Dumbbell Seated Shoulder Press

Dumbbell Seated Shoulder Press

The Dumbbell Seated Shoulder Press is a fantastic exercise that primarily targets your shoulder muscles, while also engaging your triceps, upper back, and core. This compound movement is perfect for individuals looking to build strength, increase muscle mass, and improve upper body stability. To perform the Dumbbell Seated Shoulder Press, you'll need a pair of dumbbells and a sturdy bench. Begin by sitting upright on the bench with your feet planted firmly on the ground. Hold the dumbbells at shoulder height, palms facing forward, and elbows bent at 90 degrees. As you exhale, press the dumbbells overhead while keeping your core engaged and maintaining a straight back. Fully extend your arms but avoid locking your elbows at the top of the movement. Pause for a moment at the top before slowly lowering the weights back to the starting position as you inhale. It's essential to focus on proper form during the Dumbbell Seated Shoulder Press. Avoid using momentum to lift the dumbbells and ensure that your movements are controlled throughout the exercise. Always choose a weight that challenges you but allows you to maintain proper form. Remember to warm up before starting your workout and adjust the weight accordingly. Incorporating the Dumbbell Seated Shoulder Press into your routine, along with other shoulder exercises, will contribute to stronger and more defined shoulders. With consistency and dedication, you'll achieve great results and improve your overall upper body strength.
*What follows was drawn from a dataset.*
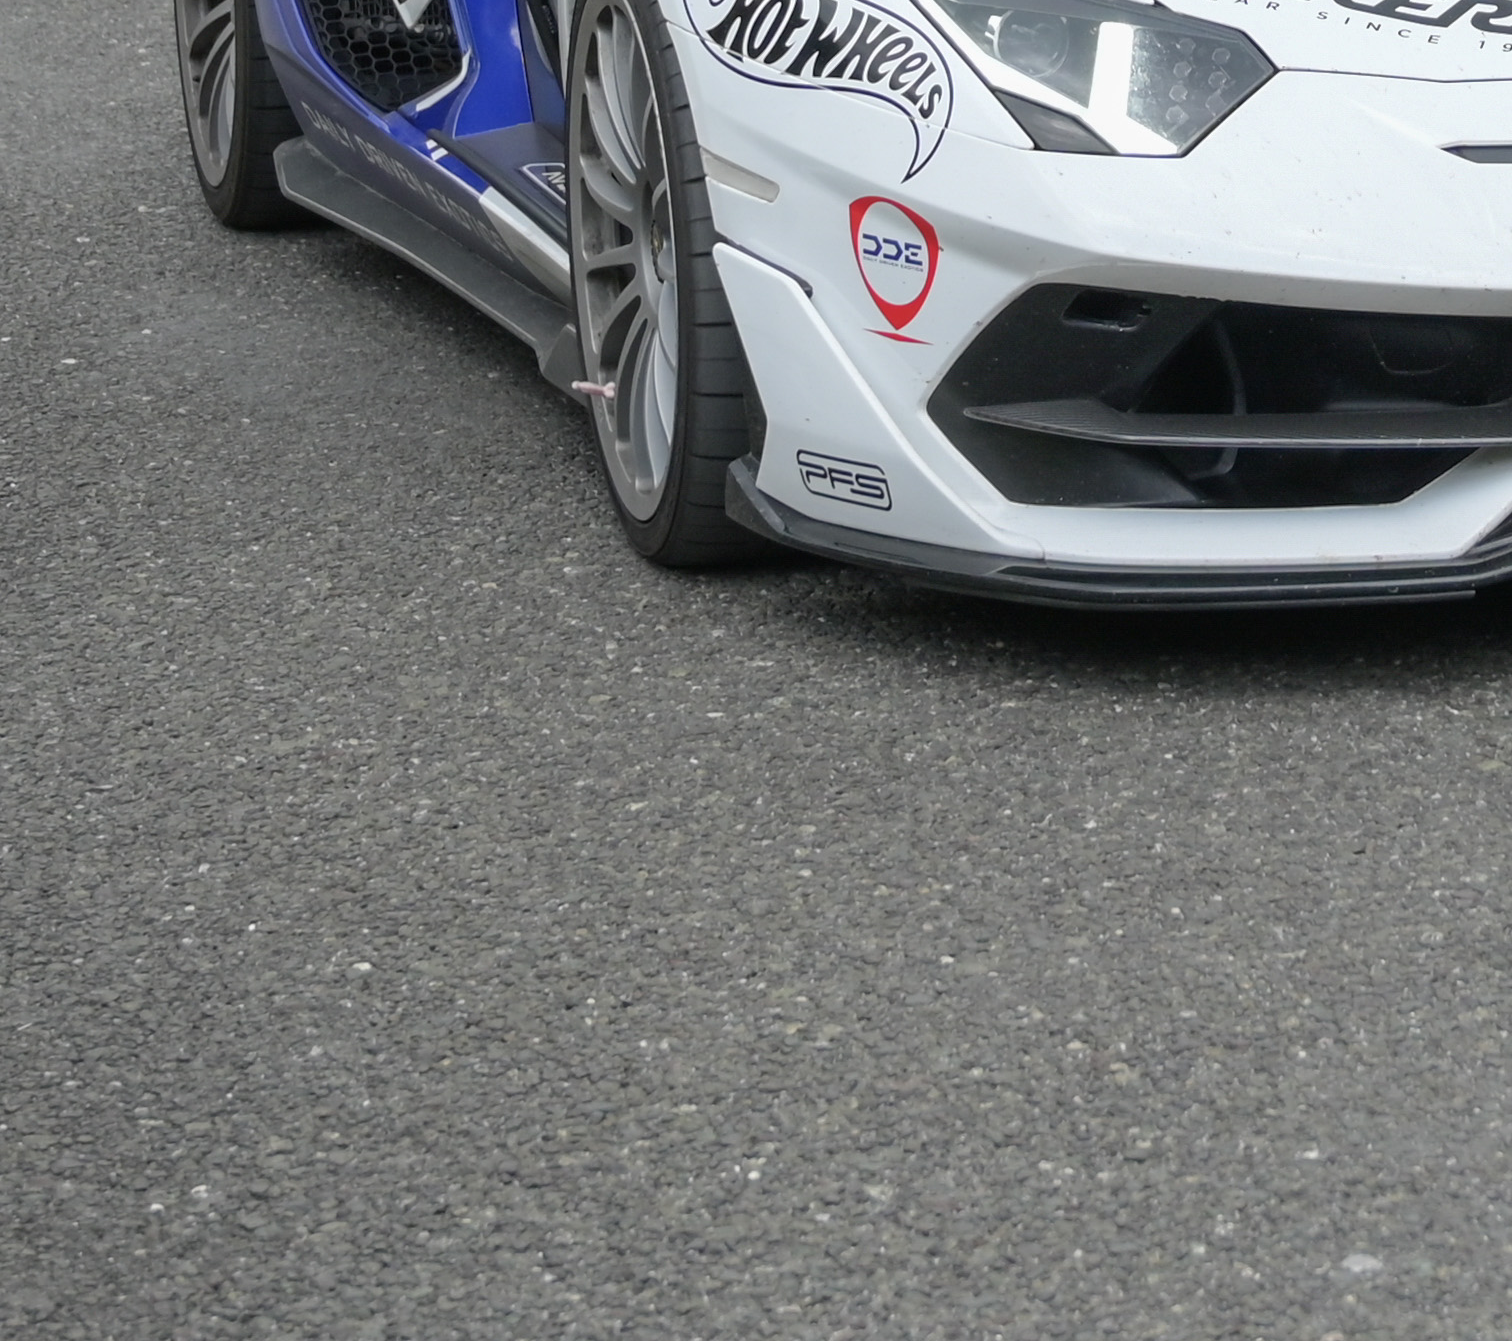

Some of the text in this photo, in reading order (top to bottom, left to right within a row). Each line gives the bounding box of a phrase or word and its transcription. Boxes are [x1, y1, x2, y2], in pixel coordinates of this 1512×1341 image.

[1317, 10, 1441, 45] SINCE
[862, 232, 923, 267] DDE
[799, 461, 887, 500] PFS
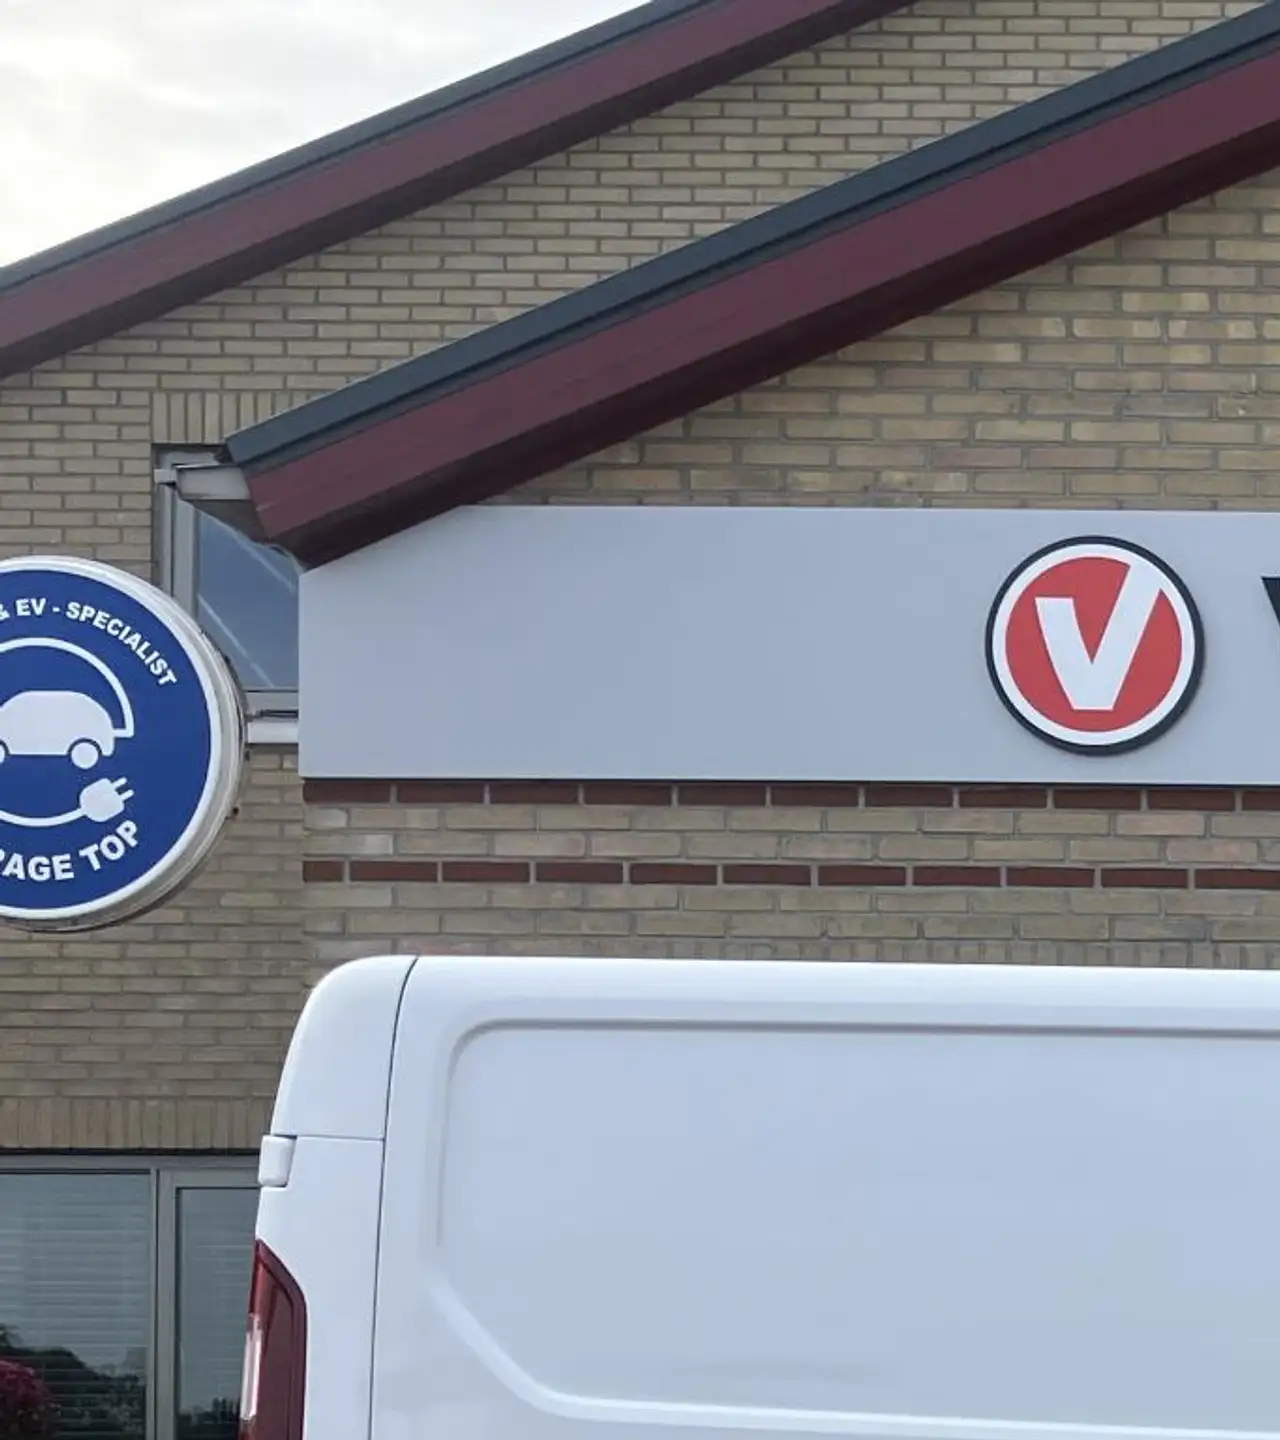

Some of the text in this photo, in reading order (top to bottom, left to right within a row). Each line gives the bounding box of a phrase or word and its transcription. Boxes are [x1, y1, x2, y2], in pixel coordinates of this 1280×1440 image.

  • Sit upright on a bench with a dumbbell in each hand, resting on your shoulders.
  • Keep your chest up, core engaged, and feet flat on the ground.
  • Start with your elbows bent and the weights at shoulder level.
  • Press the dumbbells upward, straightening your arms overhead.
  • Keep your wrists aligned with your forearms and your palms facing forward.
  • Pause at the top, ensuring your biceps are close to your ears.
  • Slowly lower the dumbbells back to the starting position with control.
  • Repeat for the desired number of repetitions.

Tips & Tricks

  • Start with a weight that challenges you but allows for proper form and control.
  • Engage your core muscles throughout the exercise to maintain stability.
  • Keep your elbows slightly in front of your shoulders to target the deltoids effectively.
  • Exhale as you press the dumbbells overhead and inhale as you lower them back down.
  • Maintain a neutral spine and avoid arching your lower back during the exercise.
  • Avoid using excessive momentum or bouncing the weights to prevent injury.
  • If you're new to this exercise, start with lighter weights and gradually increase the resistance.
  • To avoid strain on your wrists, make sure they are in a neutral position throughout the movement.
  • Control the descent of the dumbbells to fully engage the shoulder muscles and prevent injury.
  • If you're experiencing pain or discomfort, consult with a fitness professional to ensure proper form and technique.